A word-for-word reproduction of the data below is needed, with no pictures in it.

*** Opening Data listing ***

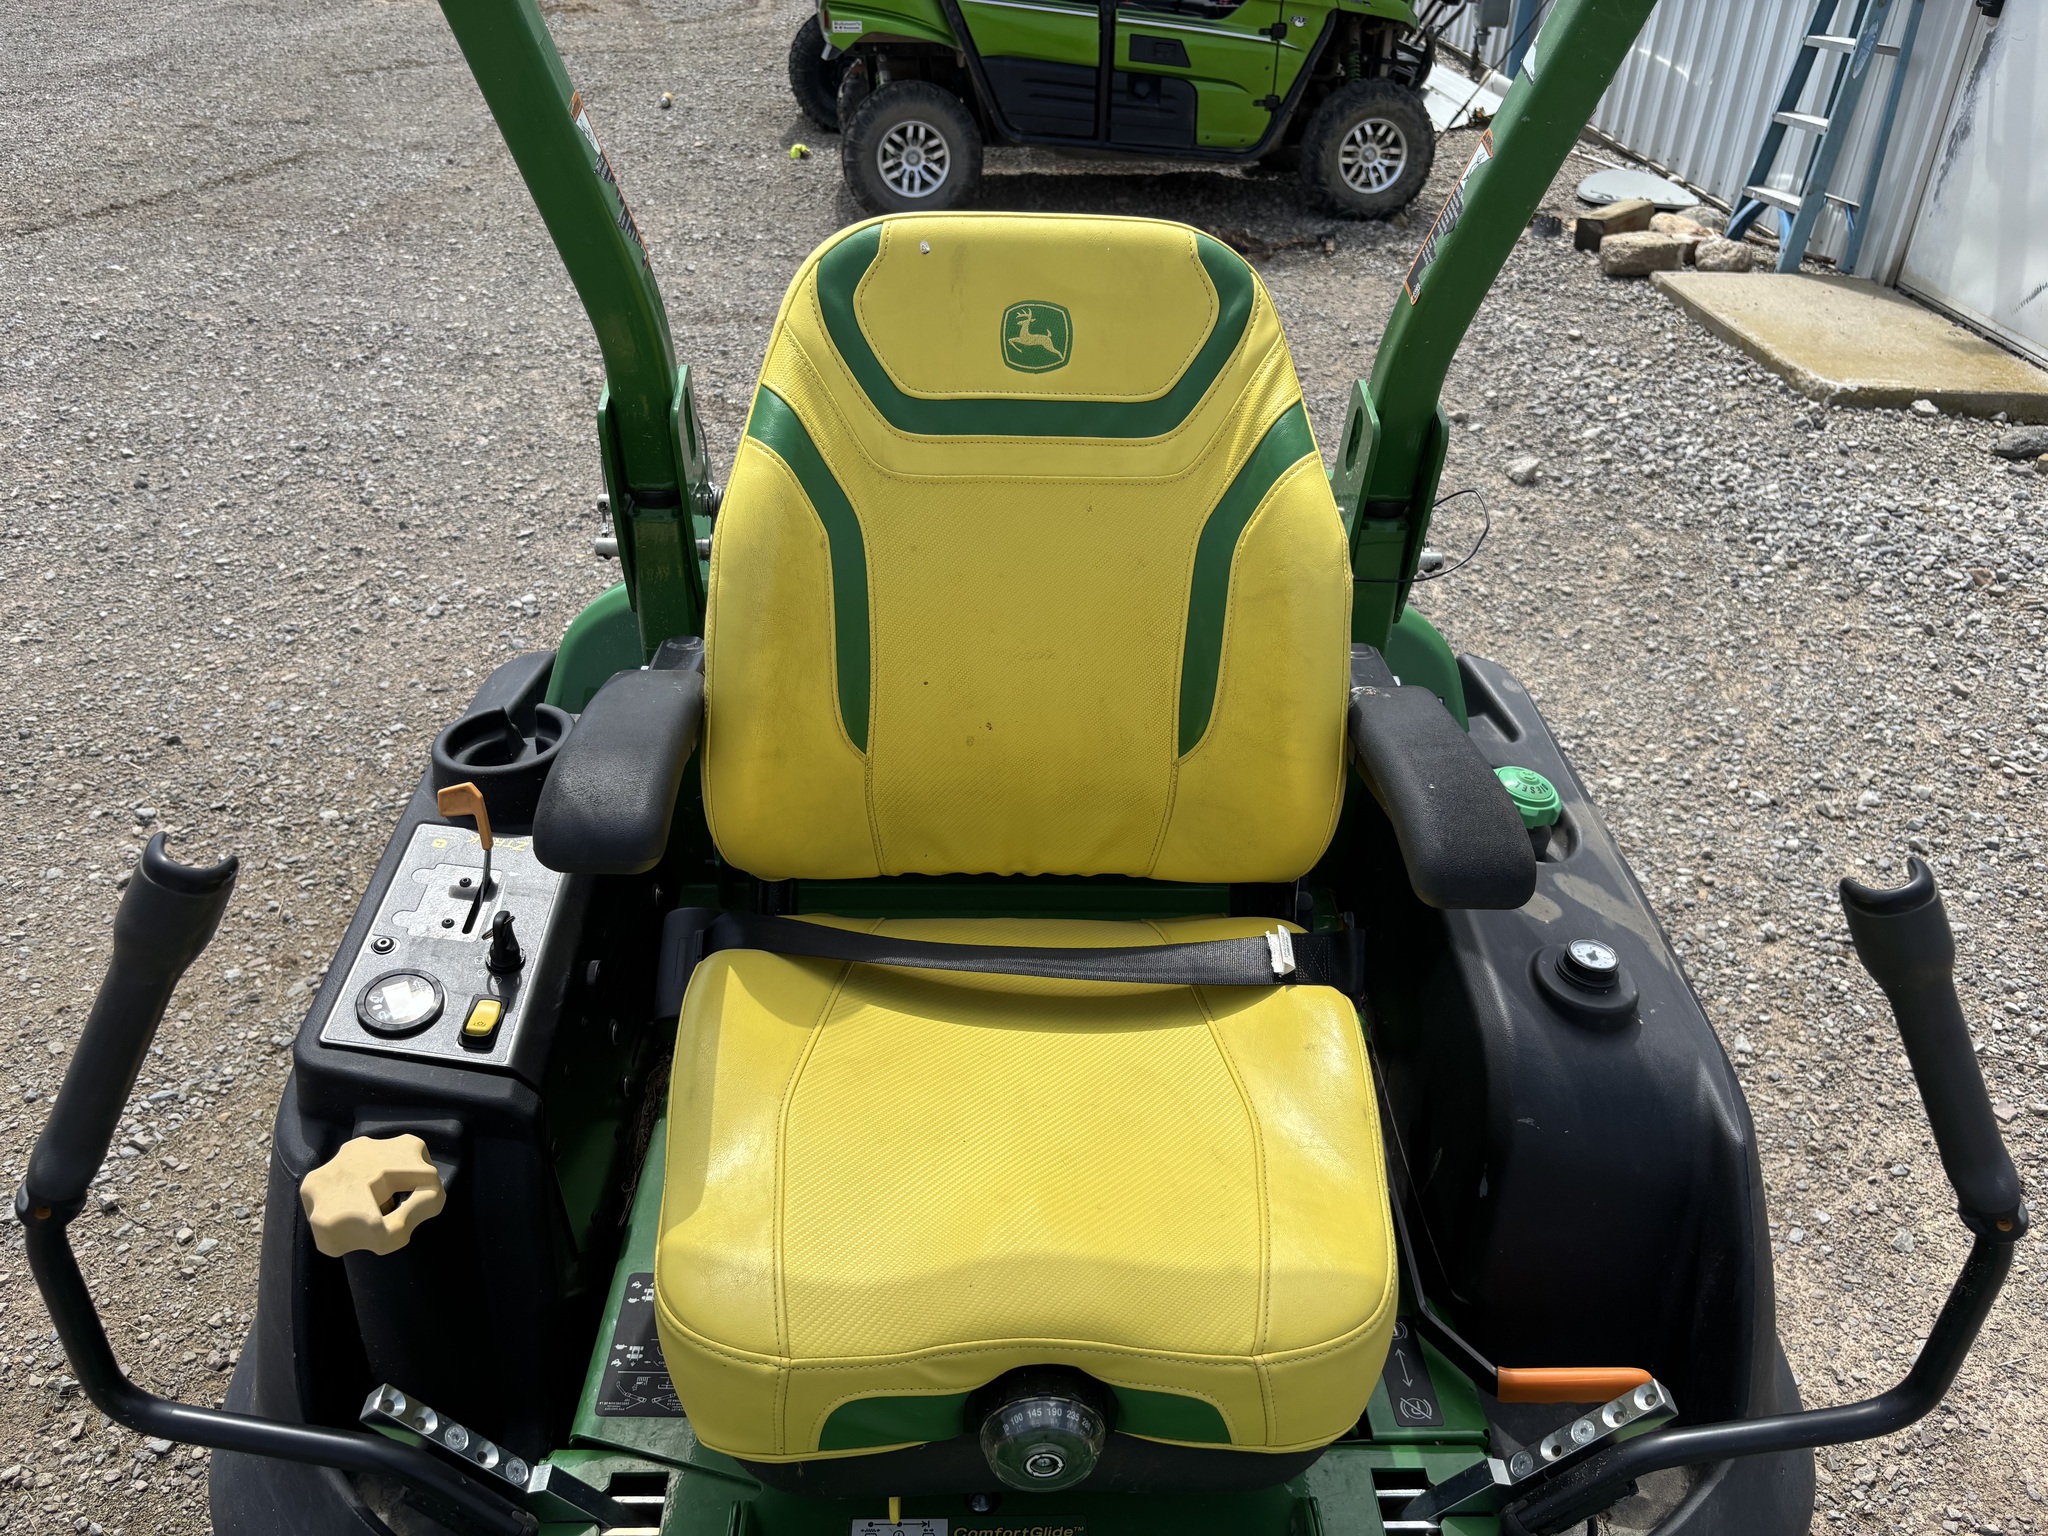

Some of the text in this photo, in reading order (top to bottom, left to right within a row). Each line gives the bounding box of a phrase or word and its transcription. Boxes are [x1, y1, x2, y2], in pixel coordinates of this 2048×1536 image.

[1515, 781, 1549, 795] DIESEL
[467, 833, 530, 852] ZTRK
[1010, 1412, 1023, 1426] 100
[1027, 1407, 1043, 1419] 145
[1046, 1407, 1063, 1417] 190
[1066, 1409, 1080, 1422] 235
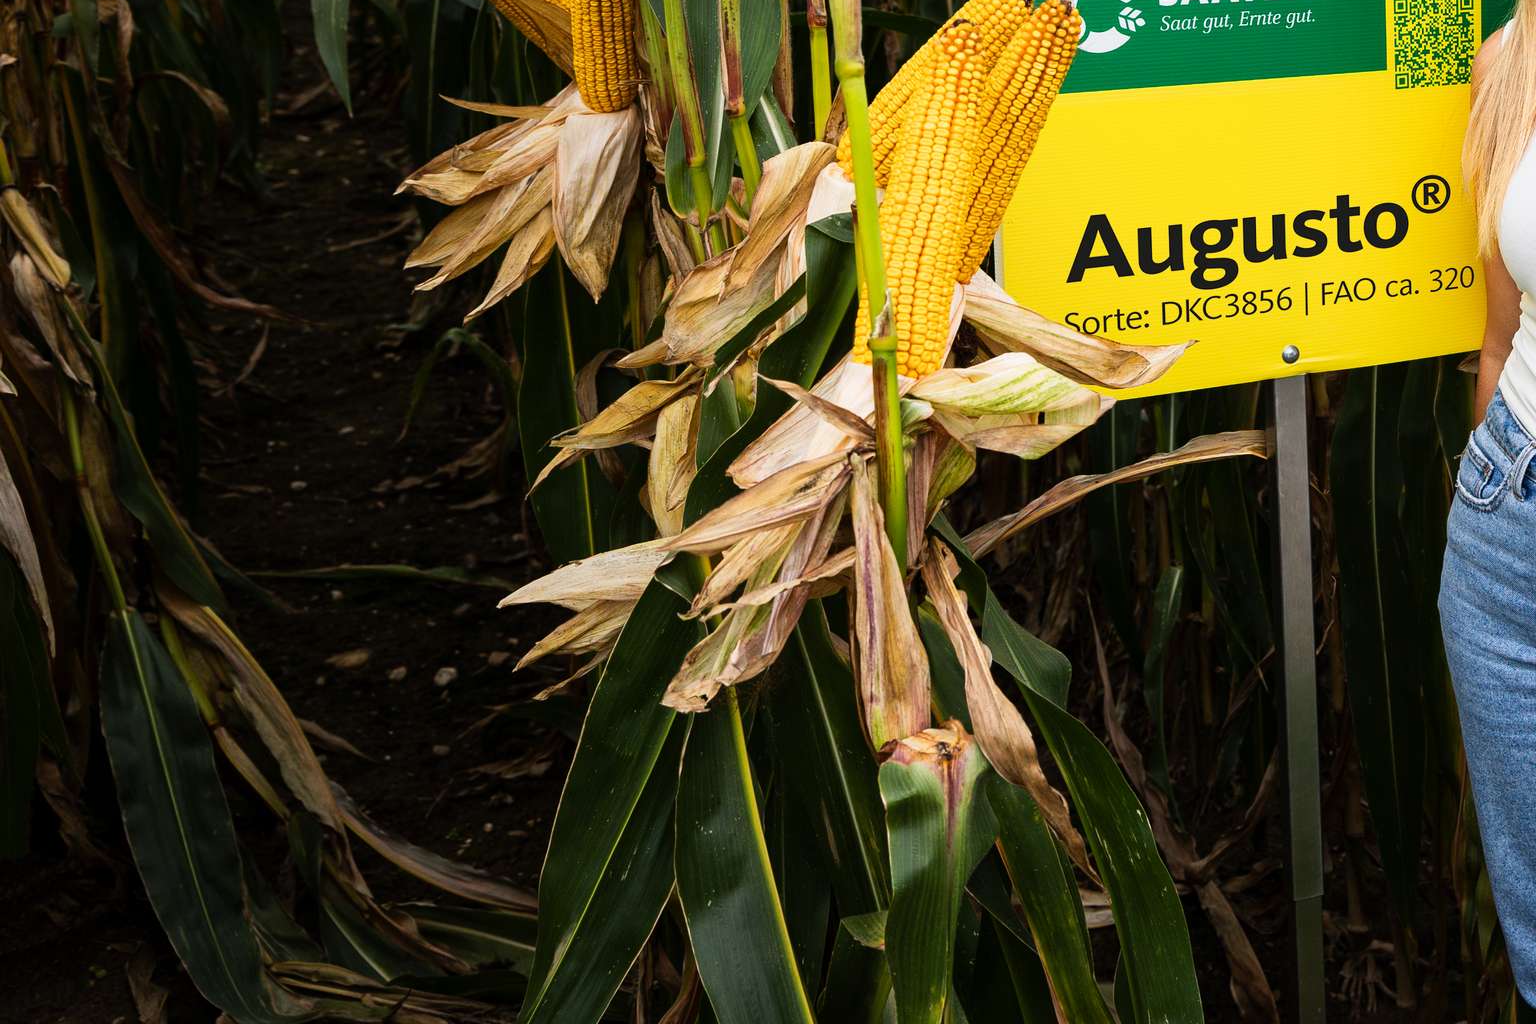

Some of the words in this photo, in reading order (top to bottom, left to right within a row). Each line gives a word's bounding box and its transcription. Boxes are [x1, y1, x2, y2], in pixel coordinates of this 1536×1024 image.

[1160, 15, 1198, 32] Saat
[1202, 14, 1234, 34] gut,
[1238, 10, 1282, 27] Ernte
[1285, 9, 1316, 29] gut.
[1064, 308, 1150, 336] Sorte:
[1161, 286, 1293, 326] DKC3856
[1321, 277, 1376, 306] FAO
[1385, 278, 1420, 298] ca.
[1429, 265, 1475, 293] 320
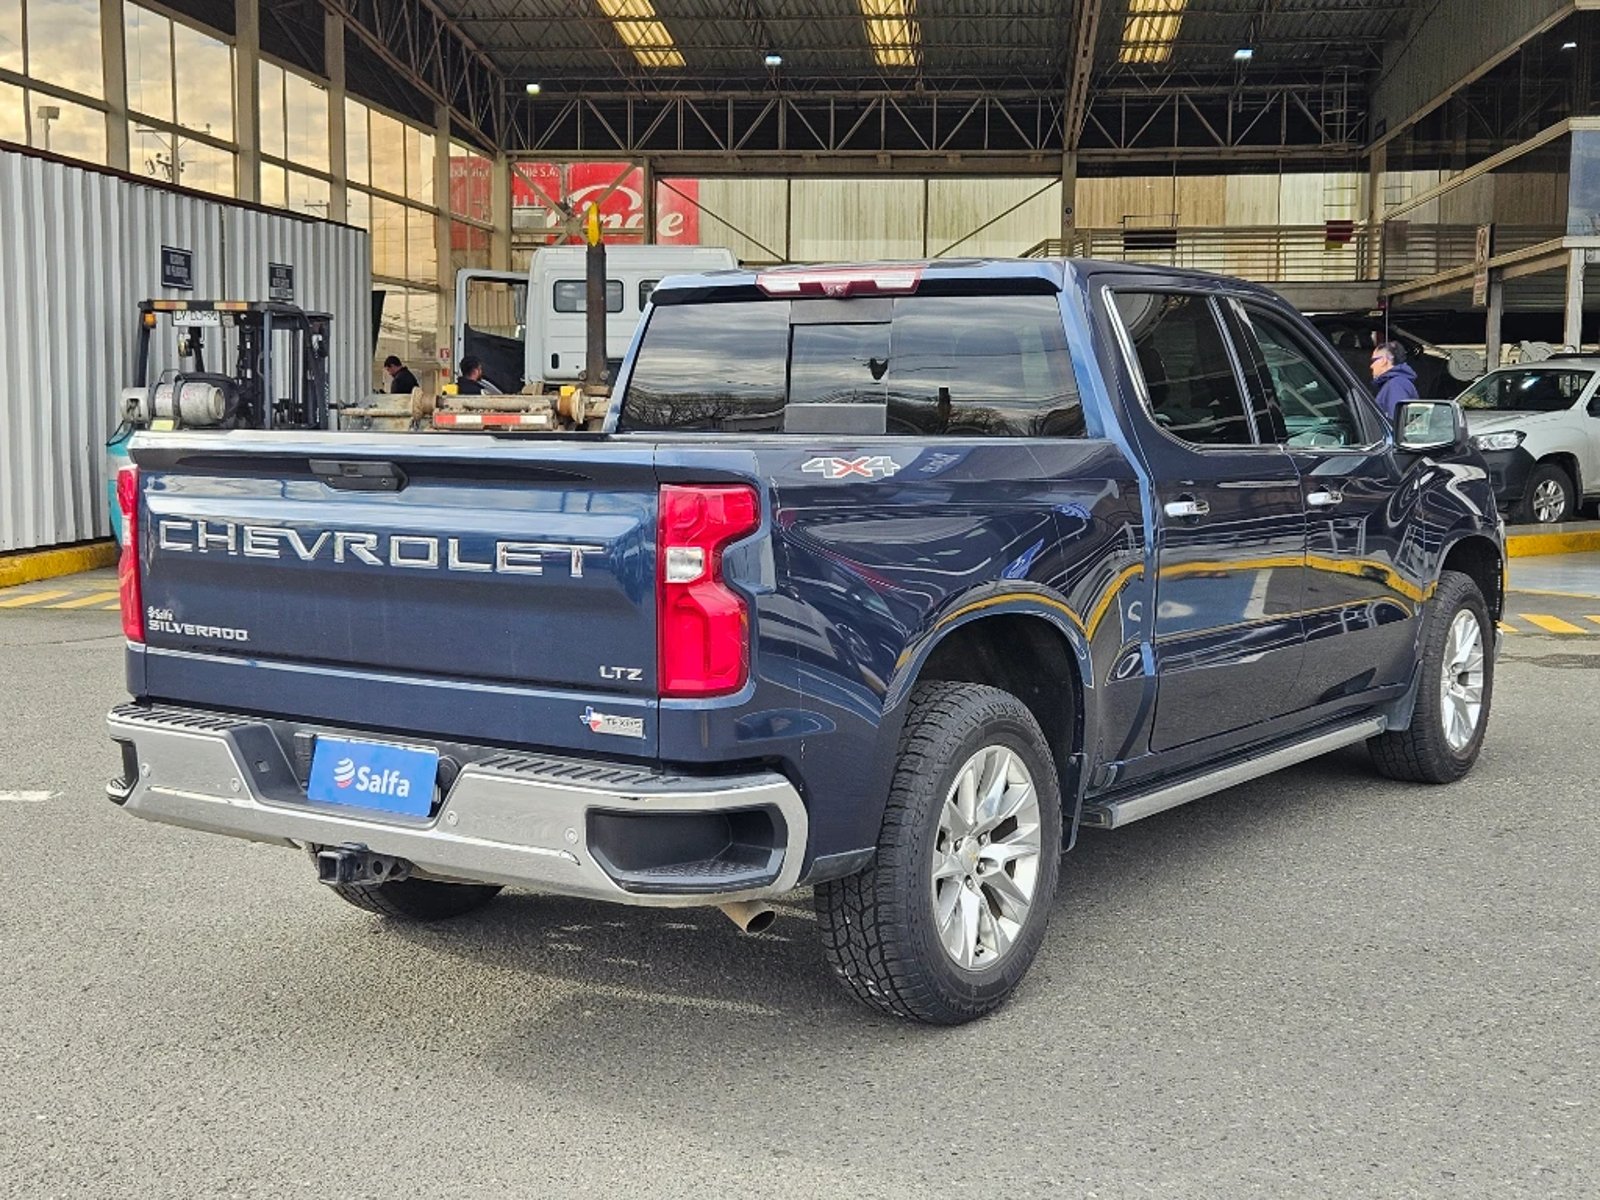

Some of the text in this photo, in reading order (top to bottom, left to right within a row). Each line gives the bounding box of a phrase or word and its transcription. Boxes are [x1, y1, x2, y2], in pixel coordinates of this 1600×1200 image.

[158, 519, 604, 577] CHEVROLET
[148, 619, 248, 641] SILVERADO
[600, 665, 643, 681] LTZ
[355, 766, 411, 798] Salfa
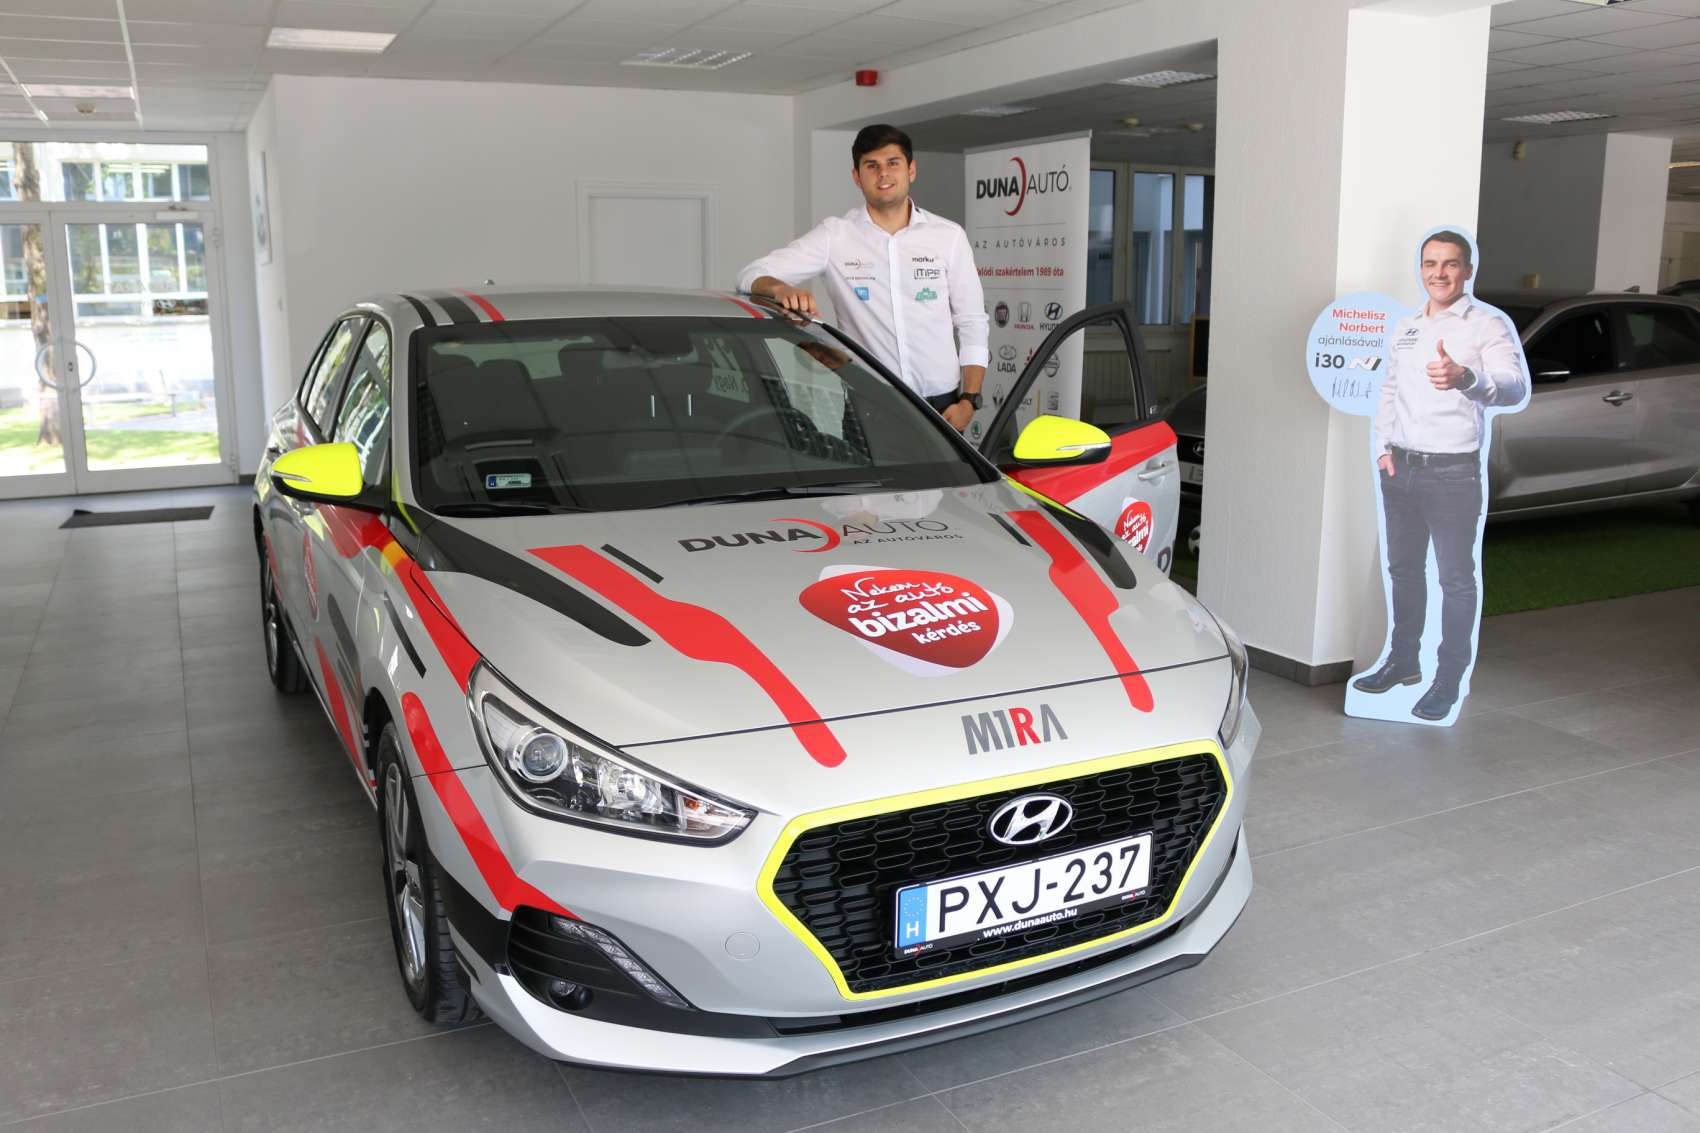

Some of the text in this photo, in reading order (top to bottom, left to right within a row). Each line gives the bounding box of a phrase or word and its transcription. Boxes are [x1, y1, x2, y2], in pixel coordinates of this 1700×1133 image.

*** Closing Data listing ***

_Answer box_.
Some of the text in this photo, in reading order (top to bottom, left to right within a row). Each line gives the bounding box of a phrase or word and its transcription. Boxes are [x1, y1, x2, y2], in pixel coordinates of this 2048×1536 image.

[1515, 781, 1549, 795] DIESEL
[467, 833, 530, 852] ZTRK
[1010, 1412, 1023, 1426] 100
[1027, 1407, 1043, 1419] 145
[1046, 1407, 1063, 1417] 190
[1066, 1409, 1080, 1422] 235

Some of the words in this photo, in reading order (top to bottom, left to right within a row). Each line gives a word's bounding box and its transcription. Boxes are [x1, y1, x2, y2], in pixel coordinates of this 1536×1024 image.

[1160, 15, 1198, 32] Saat
[1202, 14, 1234, 34] gut,
[1238, 10, 1282, 27] Ernte
[1285, 9, 1316, 29] gut.
[1064, 308, 1150, 336] Sorte:
[1161, 286, 1293, 326] DKC3856
[1321, 277, 1376, 306] FAO
[1385, 278, 1420, 298] ca.
[1429, 265, 1475, 293] 320

Some of the text in this photo, in reading order (top to bottom, left to right within a row). Each line gives the bounding box of a phrase or word and its transcription. Boxes are [x1, y1, x2, y2], in pixel coordinates of this 1600×1200 image.

[158, 519, 604, 577] CHEVROLET
[148, 619, 248, 641] SILVERADO
[600, 665, 643, 681] LTZ
[355, 766, 411, 798] Salfa

Some of the text in this photo, in reading order (top to bottom, left to right within a row). Each line gives the bounding box of a phrase or word and its transcription. Boxes are [x1, y1, x2, y2], in pixel coordinates of this 1700×1133 image.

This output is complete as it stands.